### Task instructions
From the first line to the last, print the material exactly, skipping the pictures.

### Source records
>>>>>
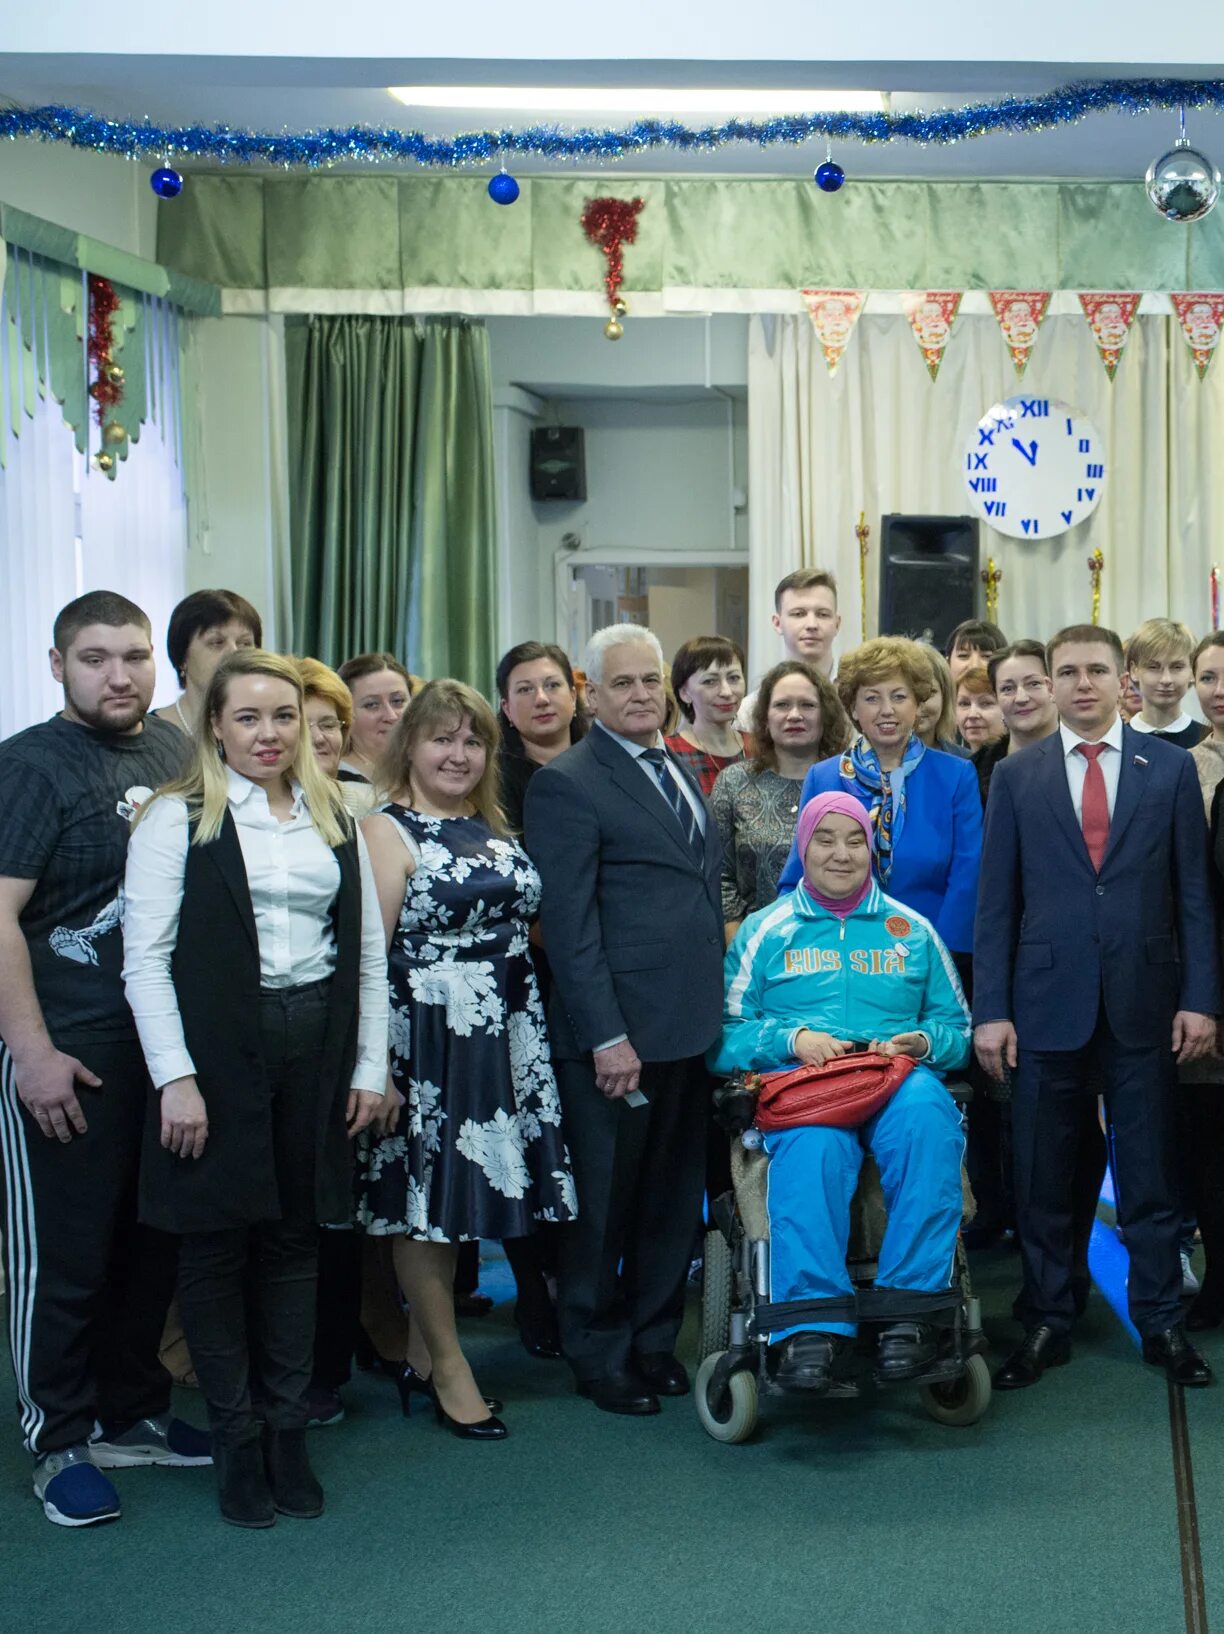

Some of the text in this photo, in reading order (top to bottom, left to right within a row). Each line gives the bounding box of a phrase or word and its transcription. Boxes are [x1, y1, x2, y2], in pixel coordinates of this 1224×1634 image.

[1020, 400, 1049, 418] XII
[1065, 418, 1073, 436] I
[978, 428, 995, 446] X
[1078, 439, 1090, 453] II
[967, 452, 989, 470] IX
[1086, 463, 1104, 479] III
[968, 477, 997, 493] VIII
[1077, 488, 1096, 502] IV
[983, 500, 1007, 517] VII
[1060, 509, 1073, 526] V
[1020, 519, 1039, 535] VI
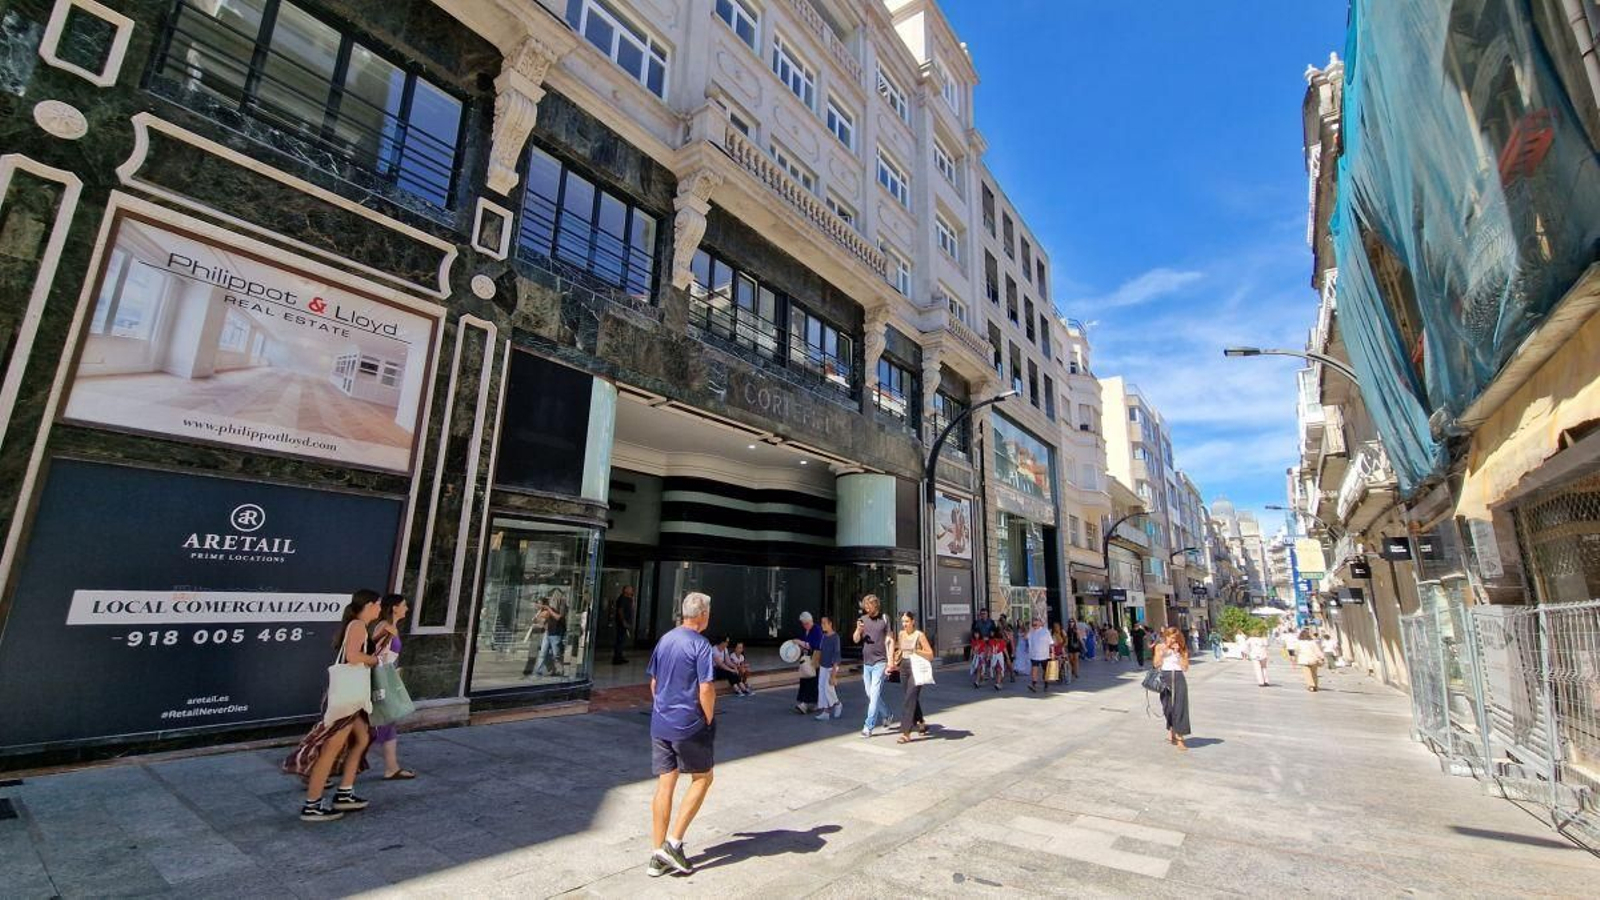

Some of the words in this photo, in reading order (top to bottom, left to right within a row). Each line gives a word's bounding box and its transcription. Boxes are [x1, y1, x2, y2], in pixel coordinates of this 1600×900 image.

[167, 252, 298, 305] Philippot
[308, 297, 327, 314] &
[335, 305, 398, 335] Lloyd
[223, 296, 276, 317] REAL
[283, 313, 350, 338] ESTATE
[183, 418, 337, 451] www.philippotlloyd.com
[182, 533, 296, 554] ARETAIL
[191, 552, 225, 560] PRIME
[229, 554, 285, 563] LOCATIONS
[92, 600, 167, 614] LOCAL
[172, 600, 341, 614] COMERCIALIZADO
[193, 628, 245, 644] 005
[187, 695, 230, 705] aretail.es
[161, 704, 248, 719] #RetailNeverDies
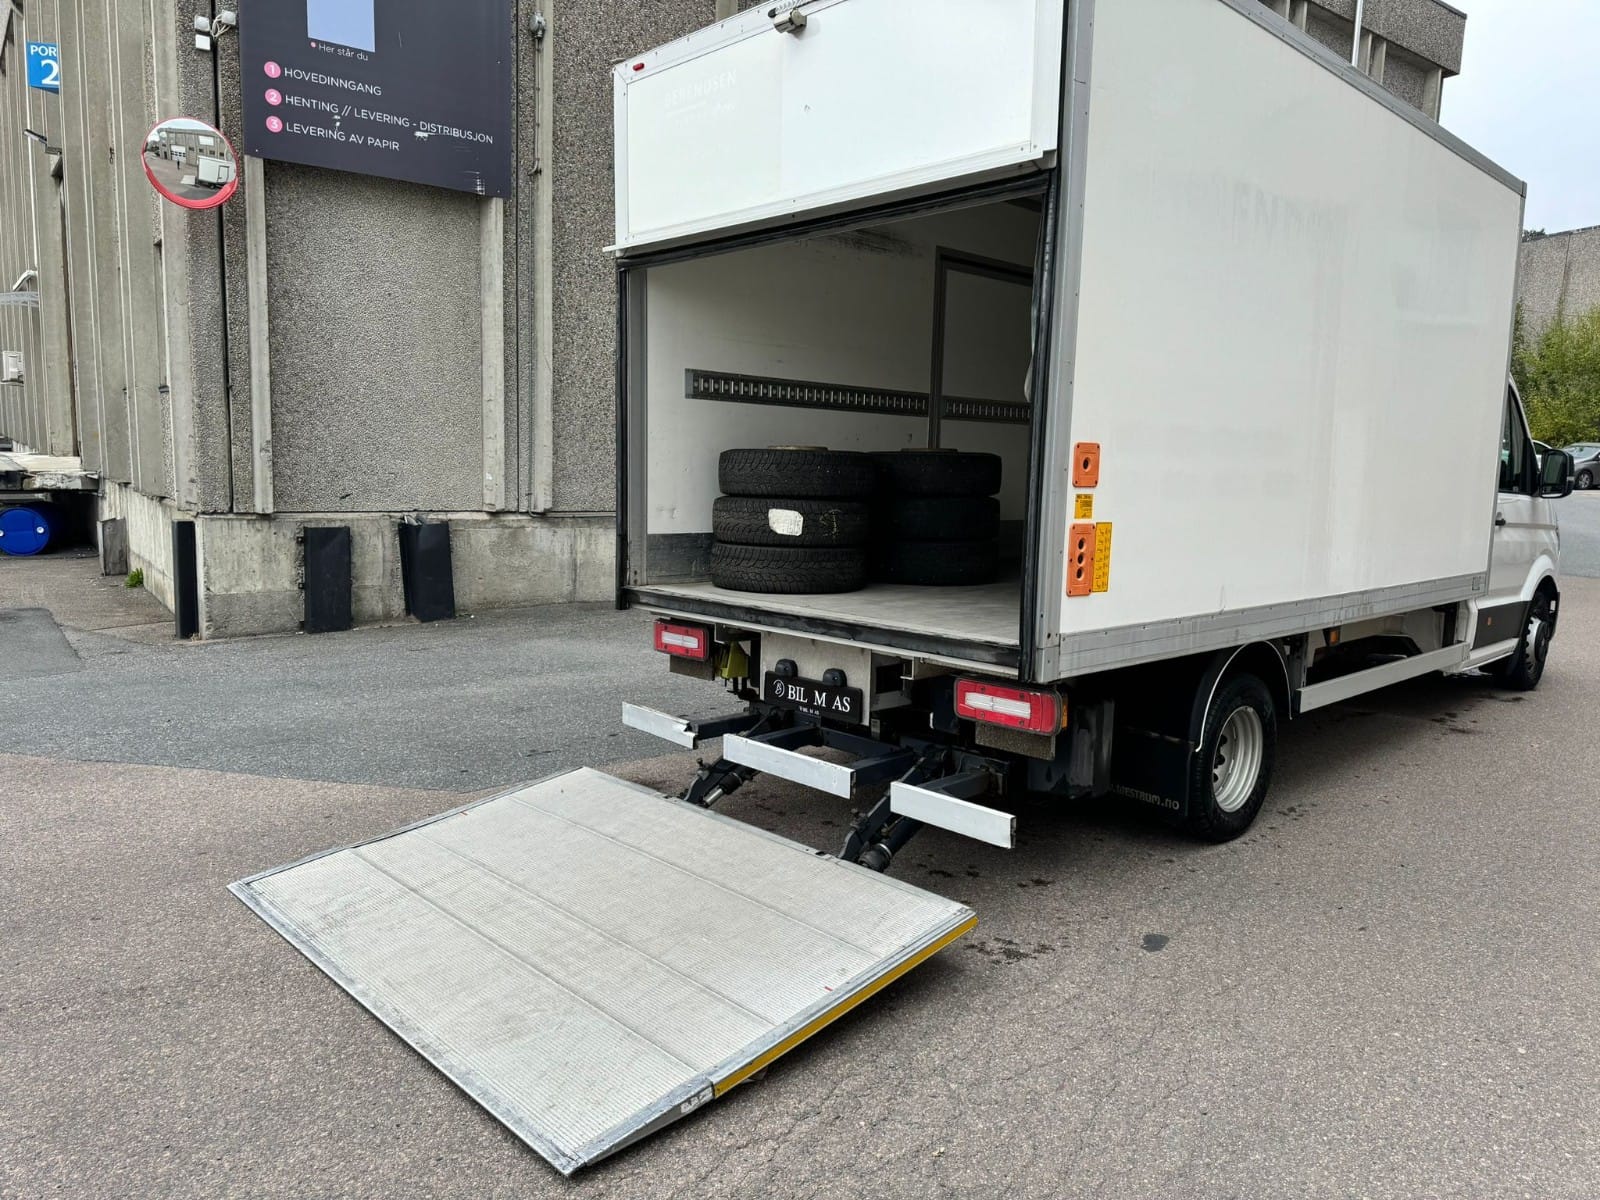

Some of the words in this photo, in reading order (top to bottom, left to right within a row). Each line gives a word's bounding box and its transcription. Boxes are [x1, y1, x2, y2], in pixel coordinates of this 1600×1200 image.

[30, 45, 57, 57] POR
[318, 44, 334, 54] Her
[337, 48, 355, 58] står
[356, 52, 369, 61] du
[41, 59, 60, 85] 2
[284, 67, 382, 96] HOVEDINNGANG
[285, 95, 339, 113] HENTING
[354, 107, 410, 127] LEVERING
[419, 121, 494, 144] DISTRIBUSJON
[286, 122, 346, 141] LEVERING
[349, 133, 364, 144] AV
[367, 137, 400, 151] PAPIR
[787, 684, 808, 703] BIL
[813, 690, 827, 708] M
[832, 695, 851, 713] AS
<<<<<
### Answer below
Some of the text in this photo, in reading order (top to bottom, left to right within a row). Each line gives the bounding box of a phrase or word and its transcription. Boxes are [x1, y1, x2, y2], in pixel coordinates of this 1224×1634 image.

[1020, 400, 1049, 418] XII
[1065, 418, 1073, 436] I
[978, 428, 995, 446] X
[1078, 439, 1090, 453] II
[967, 452, 989, 470] IX
[1086, 463, 1104, 479] III
[968, 477, 997, 493] VIII
[1077, 488, 1096, 502] IV
[983, 500, 1007, 517] VII
[1060, 509, 1073, 526] V
[1020, 519, 1039, 535] VI

Some of the words in this photo, in reading order (top to bottom, left to right within a row). Each line gives a word's bounding box and its transcription. Boxes are [x1, y1, x2, y2], in pixel coordinates of this 1600×900 image.

[167, 252, 298, 305] Philippot
[308, 297, 327, 314] &
[335, 305, 398, 335] Lloyd
[223, 296, 276, 317] REAL
[283, 313, 350, 338] ESTATE
[183, 418, 337, 451] www.philippotlloyd.com
[182, 533, 296, 554] ARETAIL
[191, 552, 225, 560] PRIME
[229, 554, 285, 563] LOCATIONS
[92, 600, 167, 614] LOCAL
[172, 600, 341, 614] COMERCIALIZADO
[193, 628, 245, 644] 005
[187, 695, 230, 705] aretail.es
[161, 704, 248, 719] #RetailNeverDies

Some of the words in this photo, in reading order (top to bottom, left to right within a row). Each line gives a word's bounding box and its transcription. Boxes are [x1, y1, x2, y2], in pixel coordinates of this 1600×1200 image.

[30, 45, 57, 57] POR
[318, 44, 334, 54] Her
[337, 48, 355, 58] står
[356, 52, 369, 61] du
[41, 59, 60, 85] 2
[284, 67, 382, 96] HOVEDINNGANG
[285, 95, 339, 113] HENTING
[354, 107, 410, 127] LEVERING
[419, 121, 494, 144] DISTRIBUSJON
[286, 122, 346, 141] LEVERING
[349, 133, 364, 144] AV
[367, 137, 400, 151] PAPIR
[787, 684, 808, 703] BIL
[813, 690, 827, 708] M
[832, 695, 851, 713] AS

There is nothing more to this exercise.